Sono oltre 30.000 gli investitori australiani che intendono recuperare i propri fondi privati per un valore complessivo di 1 milione di dollari australiani. In questo contesto c’è chi si sta interrogando sul ruolo dell’ASIC che aveva avviato indagini sulla cattiva condotta di FTX molto prima che la compagnia implodesse lo scorso 12 novembre.

Il Guardian ha pubblicato delle mail che confermano come FTX fosse sotto l’occhio vigile dell’autorità di sorveglianza in ambito borsistico.

Dai documenti emerge grave preoccupazione rispetto al criterio di determinazione dei prezzi degli asset e sulla conformità della licenza di FTX con la normativa australiana per i servizi finanziari (AFSL) che gli consentiva di operare nel Paese.

Le indagini sono iniziate nel marzo 2022 dopo che FTX ha lanciato prestiti a margine con una leva fino a 20x sul mercato australiano.

Gli investigatori allora non avevano a disposizione i documenti previsti per legge secondo la normativa dell’ASFL, per questo avevano richiesto un incontro in videoconferenza con i dirigenti di FTX lo scorso 30 marzo.

Durante la telefonata, FTX aveva ribadito la propria conformità coi regimi finanziari internazionali, vantando il possesso di 31 licenze di servizi finanziari.

L’incontro di marzo si è concluso con la rassicurazione da parte di FTX sulla volontà di collaborare con le autorità di regolamentazione nella lotta alle truffe crypto e l’assicurazione che avrebbe dato massimo supporto alle indagini della polizia australiana sui crimini legati alle criptovalute.

Ad aprile, l’ASIC ha emesso un “avviso S912C” per accedere a informazioni e documenti relativi alla conformità con i requisiti della licenza prevista dall’ente di vigilanza. Nei sei mesi successivi, l’ASIC ha inviato tre avvisi a FTX. E ha inviato due e-mail intitolate “FTX Australia Pty LTD – Summary of Current Concerns” (Sommario delle recenti problematiche) prima del crollo dell’exchange.

Gravi interrogativi emergono dalle indiscrezioni sulle indagini australiane 

Dalle rivelazioni sull’indagine dell’ASIC emergono seri interrogativi.
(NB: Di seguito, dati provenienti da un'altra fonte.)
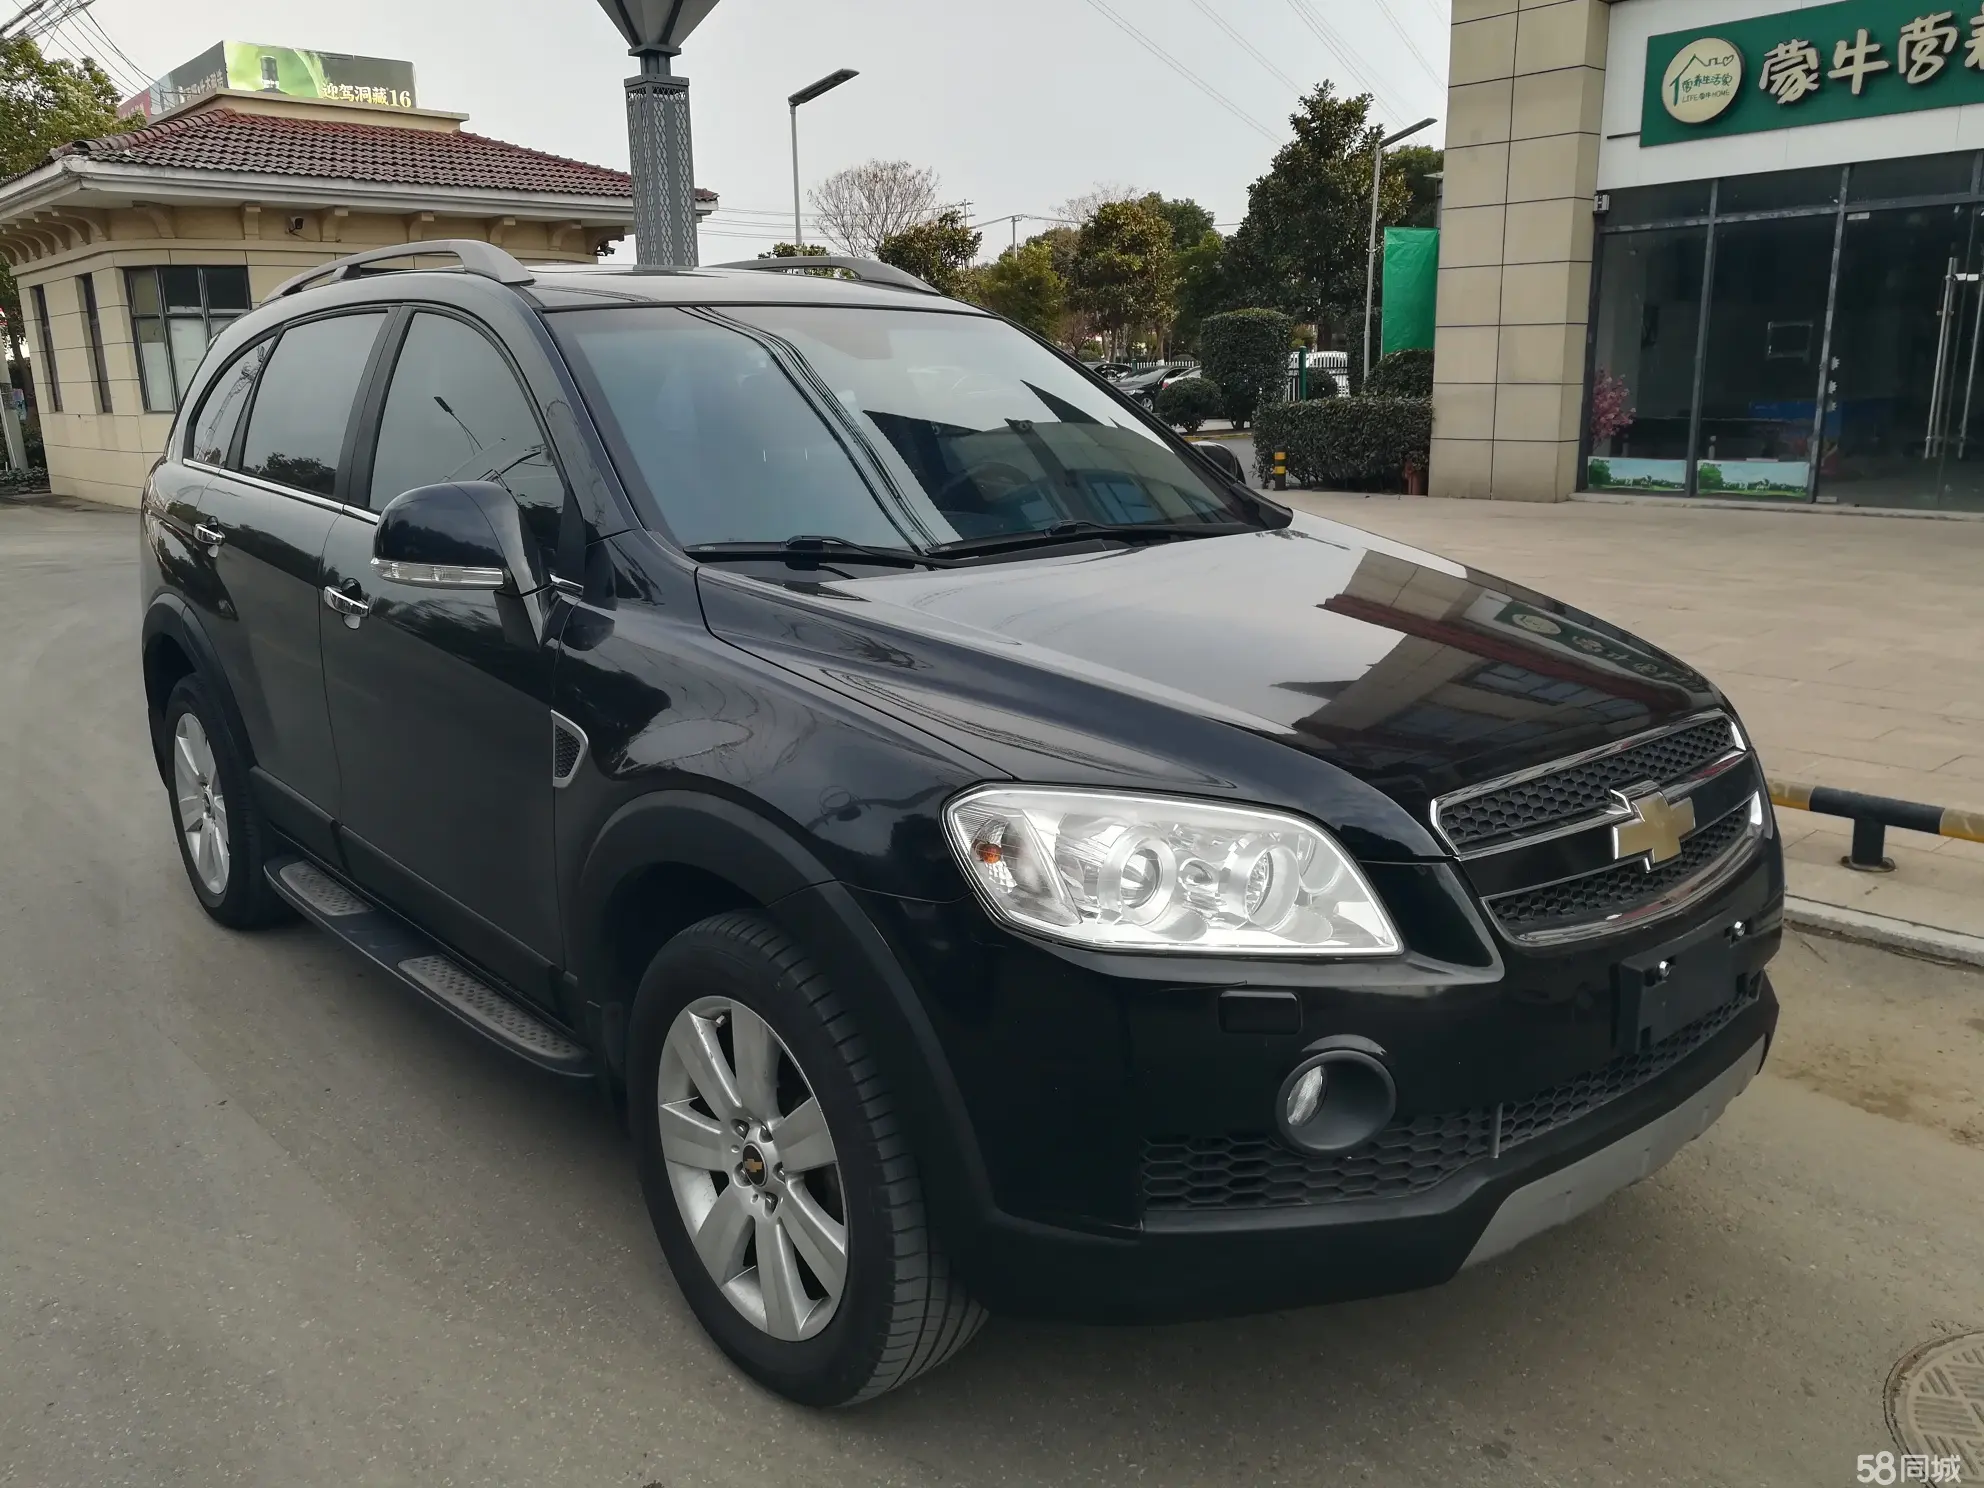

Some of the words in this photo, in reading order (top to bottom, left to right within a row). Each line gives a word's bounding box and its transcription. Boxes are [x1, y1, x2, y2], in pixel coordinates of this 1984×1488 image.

[320, 83, 411, 108] 迎驾洞藏16
[1682, 93, 1698, 103] LIFE
[1712, 89, 1730, 98] HOME
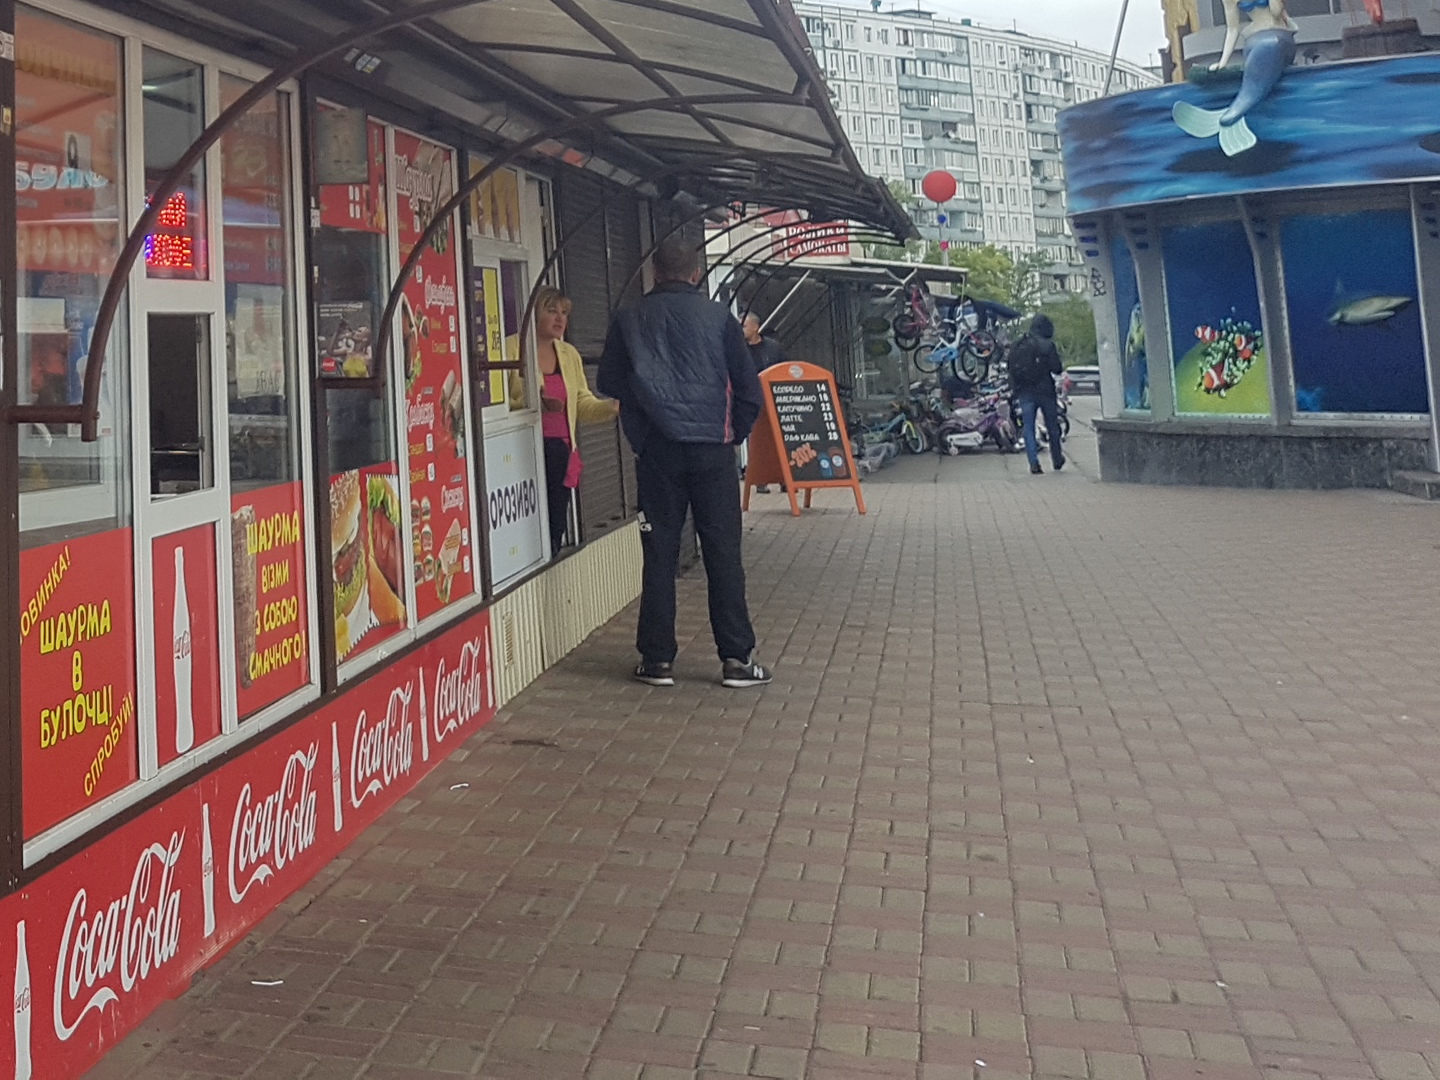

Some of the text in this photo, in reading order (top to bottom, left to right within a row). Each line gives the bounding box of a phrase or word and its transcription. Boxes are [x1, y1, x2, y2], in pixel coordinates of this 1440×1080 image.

[490, 478, 537, 530] ОРОЗИВО
[245, 509, 301, 556] ШАУРМА
[20, 545, 71, 645] ОВИНКА!
[262, 559, 289, 594] ВІЗМИ
[40, 599, 111, 654] ШАУРМА
[264, 595, 298, 632] СОБОЮ
[72, 650, 83, 692] В
[433, 637, 481, 743] Coca-Cola
[350, 680, 414, 809] Coca-Cola
[228, 739, 319, 904] Coca-Cola
[54, 825, 186, 1041] Coca-Cola
In particolare, le autorità di regolamentazione finanziaria avrebbero potuto fare di più o agire prima per proteggere i soldi dei clienti?

La vicenda FTX ha attirato l’attenzione delle autorità di regolamentazione in tutto il mondo nei confronti delle criptovalute. È ragionevole credere che questa indagine spingerà i legislatori australiani a definire nuovi i piani normativi già quest’anno.

Ma come ha fatto FTX a ottenere la licenza che è servita per conquistare la fiducia degli investitori? La risposta a questo interrogativo è proprio l’elemento che ha permesso l’avvio delle indagini: i documenti chiave mancanti che hanno scatenato l’interesse dell’ASIC per FTX di fatto non sono mai esistiti.

Ecco cosa è successo.

FTX è riuscita a ottenere la licenza ASFL grazie all’acquisizione di IFS Markets (una piattaforma di trading online). La stessa IFS aveva acquisito la licenza acquisendo un’azienda chiamata Forex Financial Services.

GUARDA: L’opinione sul fallimento di FTX di Jason Guthrie, responsabile di prodotto per gli asset digitali di WisdomTree

In modo simile si è mossa anche Alameda (società sorella di FTX) per ottenere l’abilitazione per i servizi bancari e ricevere depositi dei clienti australiani.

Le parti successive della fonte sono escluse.